- Opening Delimiter -
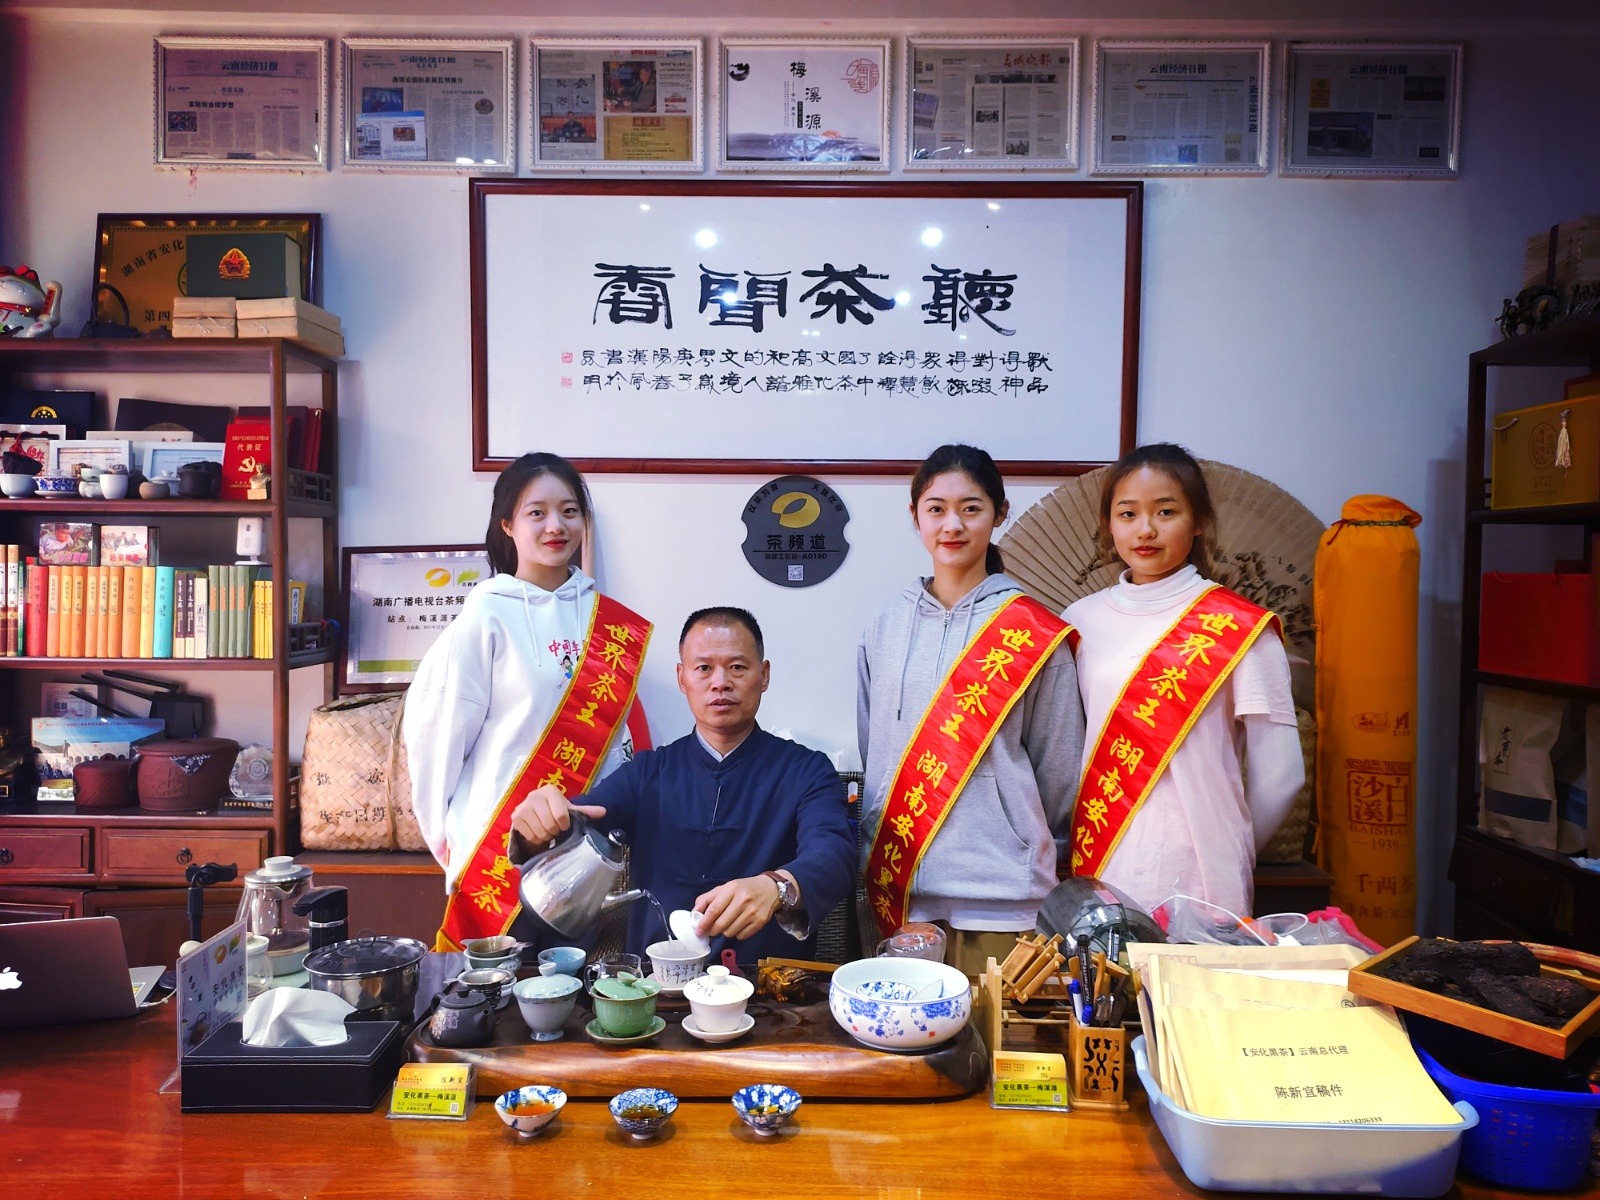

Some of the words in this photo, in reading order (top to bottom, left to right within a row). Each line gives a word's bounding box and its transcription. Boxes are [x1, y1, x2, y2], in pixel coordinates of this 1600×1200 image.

[221, 60, 279, 71] 云南经济日报
[1150, 63, 1208, 74] 云南经济日报
[1350, 63, 1408, 75] 云南经济日报
[121, 238, 185, 278] 湖南省安化
[144, 309, 171, 322] 第四
[766, 534, 826, 550] 茶频道
[372, 595, 467, 607] 湖南广播电视台茶频
[575, 622, 635, 728] 世界茶王
[1132, 611, 1239, 728] 世界茶王
[939, 626, 1035, 742] 世界茶王
[873, 749, 949, 926] 湖南安化黑茶
[1371, 838, 1399, 850] 1939
[1354, 873, 1413, 896] 千两茶
[1274, 1085, 1344, 1099] 陈新宜稿件
- Closing Delimiter -
■ What is expected: Excluding the images, copy all of the material above verbatim.

■ Response for this exercise:
Some of the words in this photo, in reading order (top to bottom, left to right within a row). Each line gives a word's bounding box and its transcription. Boxes are [x1, y1, x2, y2], in pixel coordinates of this 1600×1200 image.

[221, 60, 279, 71] 云南经济日报
[1150, 63, 1208, 74] 云南经济日报
[1350, 63, 1408, 75] 云南经济日报
[121, 238, 185, 278] 湖南省安化
[144, 309, 171, 322] 第四
[766, 534, 826, 550] 茶频道
[372, 595, 467, 607] 湖南广播电视台茶频
[575, 622, 635, 728] 世界茶王
[1132, 611, 1239, 728] 世界茶王
[939, 626, 1035, 742] 世界茶王
[873, 749, 949, 926] 湖南安化黑茶
[1371, 838, 1399, 850] 1939
[1354, 873, 1413, 896] 千两茶
[1274, 1085, 1344, 1099] 陈新宜稿件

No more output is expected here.